## Exercise requirements
Give the entries back exactly, dropping each image.

Data section below:

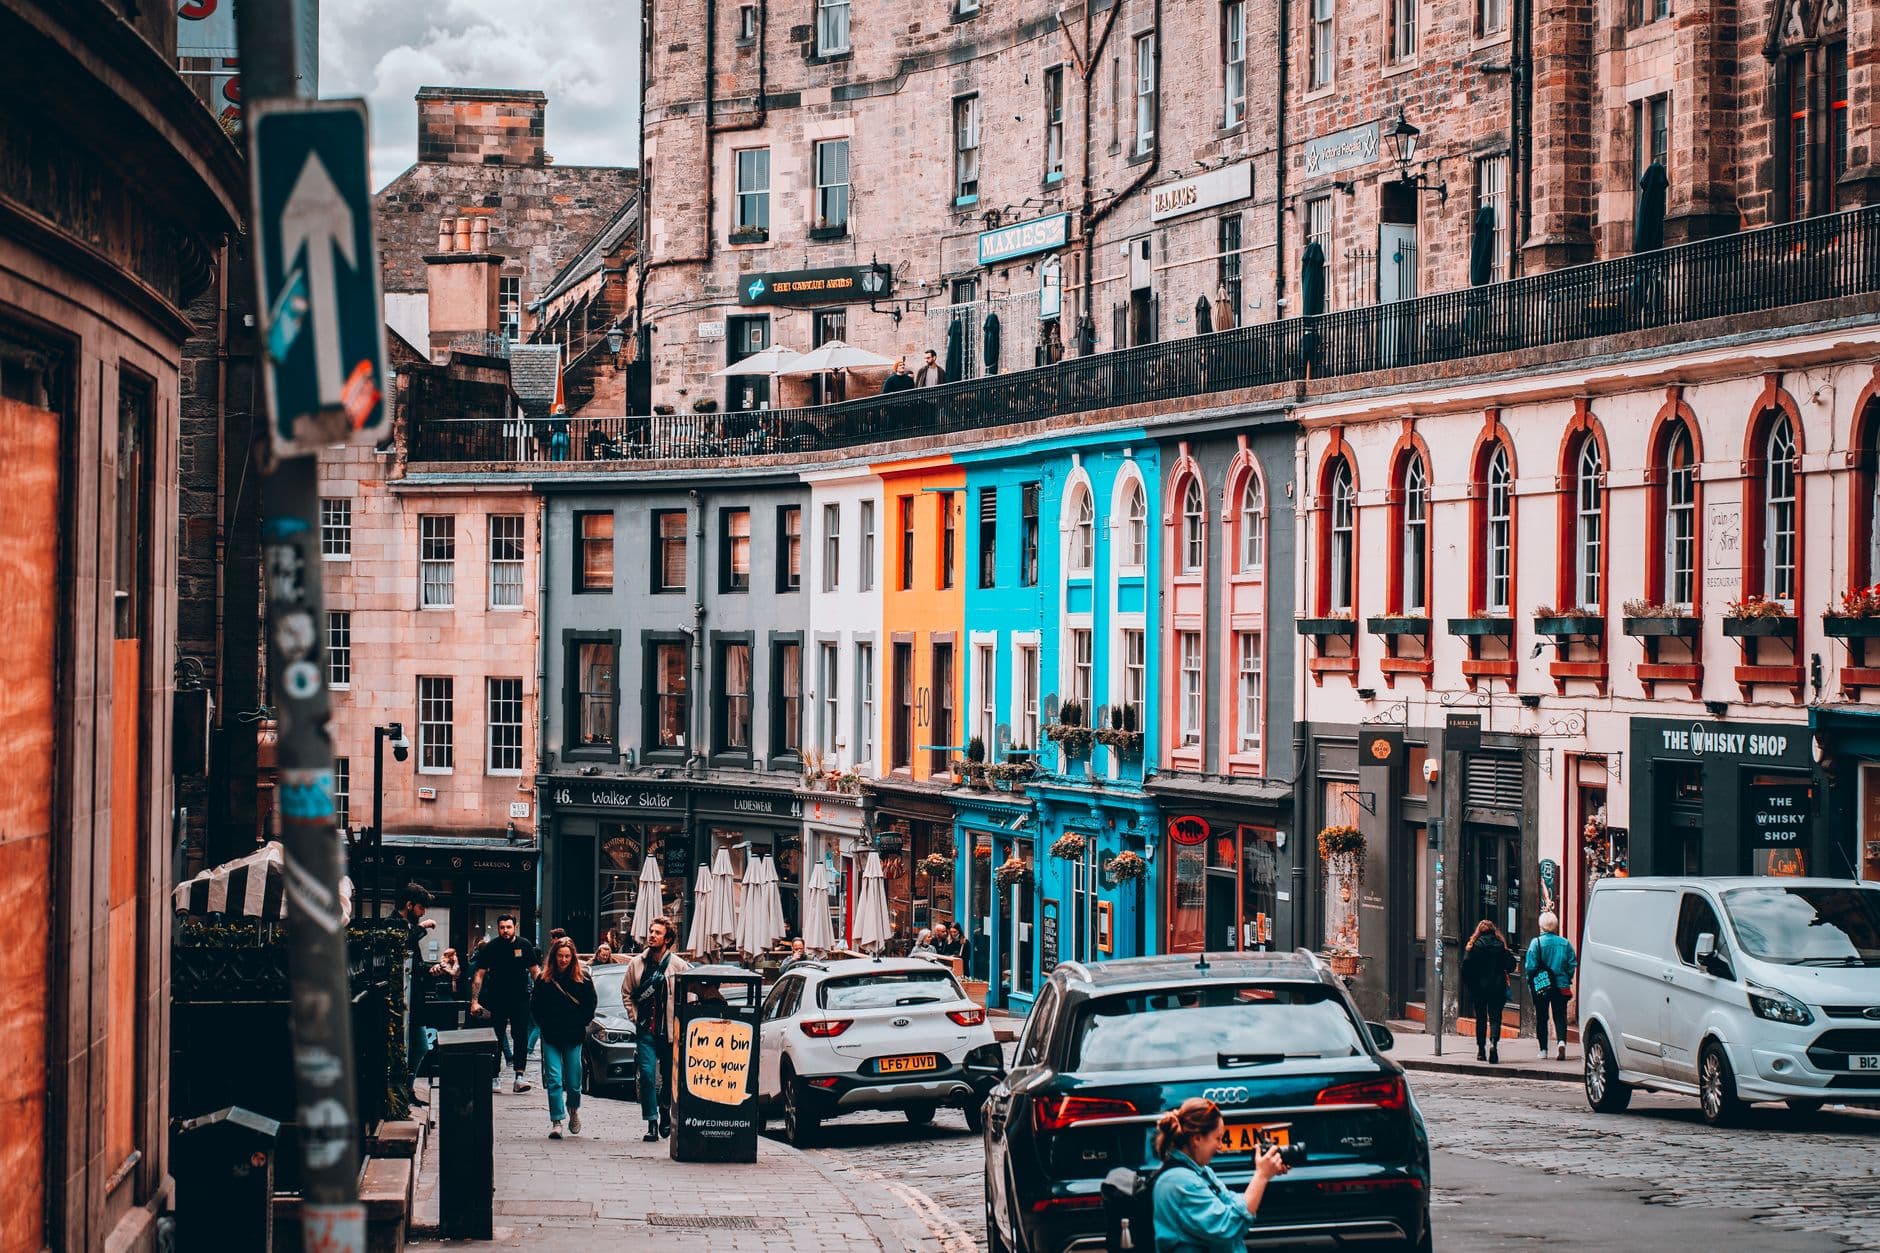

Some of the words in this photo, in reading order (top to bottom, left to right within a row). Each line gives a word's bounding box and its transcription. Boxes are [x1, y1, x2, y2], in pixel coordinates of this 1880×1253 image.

[1662, 730, 1689, 750] THE
[1691, 731, 1745, 754] WHISKY
[1749, 734, 1787, 756] SHOP
[592, 790, 632, 805] Walker
[639, 792, 673, 807] Slater
[734, 799, 772, 813] LADIESWEAR
[1769, 797, 1793, 807] THE
[1756, 811, 1805, 825] WHISKY
[1764, 831, 1797, 841] SHOP
[690, 1027, 709, 1048] I'm
[715, 1036, 724, 1048] a
[731, 1033, 750, 1050] bin
[688, 1055, 717, 1071] Drop
[721, 1061, 746, 1074] your
[880, 1057, 910, 1071] LF67
[912, 1055, 935, 1068] UVD
[1860, 1056, 1878, 1069] B12
[693, 1072, 724, 1088] litter
[727, 1075, 737, 1089] in
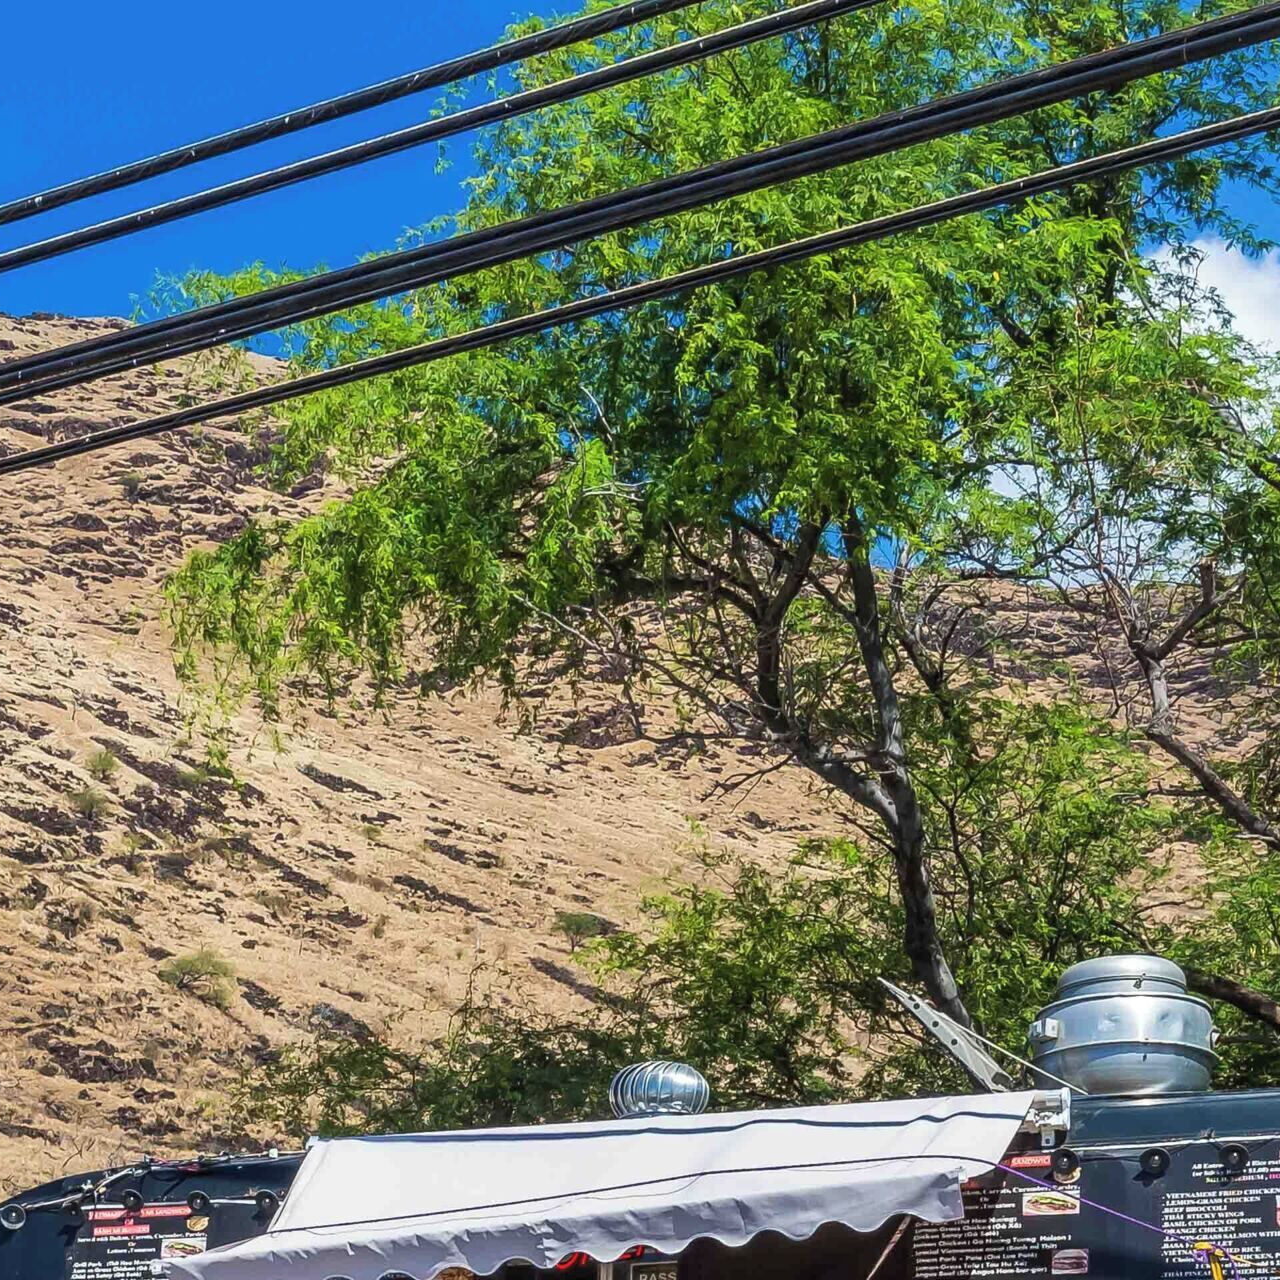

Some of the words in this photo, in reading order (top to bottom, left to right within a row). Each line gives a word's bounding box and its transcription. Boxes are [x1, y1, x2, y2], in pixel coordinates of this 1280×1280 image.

[1166, 1191, 1217, 1200] VIETNAMESE
[1244, 1188, 1280, 1196] CHICKEN
[1166, 1199, 1223, 1207] LEMON-GRASS
[1186, 1205, 1227, 1213] BROCCOLI
[1223, 1231, 1257, 1239] SALMON

End of Data section.

## Reply to the task
Some of the words in this photo, in reading order (top to bottom, left to right within a row). Each line gives a word's bounding box and its transcription. Boxes are [x1, y1, x2, y2], in pixel coordinates of this 1880×1253 image.

[1662, 730, 1689, 750] THE
[1691, 731, 1745, 754] WHISKY
[1749, 734, 1787, 756] SHOP
[592, 790, 632, 805] Walker
[639, 792, 673, 807] Slater
[734, 799, 772, 813] LADIESWEAR
[1769, 797, 1793, 807] THE
[1756, 811, 1805, 825] WHISKY
[1764, 831, 1797, 841] SHOP
[690, 1027, 709, 1048] I'm
[715, 1036, 724, 1048] a
[731, 1033, 750, 1050] bin
[688, 1055, 717, 1071] Drop
[721, 1061, 746, 1074] your
[880, 1057, 910, 1071] LF67
[912, 1055, 935, 1068] UVD
[1860, 1056, 1878, 1069] B12
[693, 1072, 724, 1088] litter
[727, 1075, 737, 1089] in

Some of the words in this photo, in reading order (top to bottom, left to right within a row). Each line gives a word's bounding box and its transcription. Boxes are [x1, y1, x2, y2], in pixel coordinates of this 1280×1280 image.

[1166, 1191, 1217, 1200] VIETNAMESE
[1244, 1188, 1280, 1196] CHICKEN
[1166, 1199, 1223, 1207] LEMON-GRASS
[1186, 1205, 1227, 1213] BROCCOLI
[1223, 1231, 1257, 1239] SALMON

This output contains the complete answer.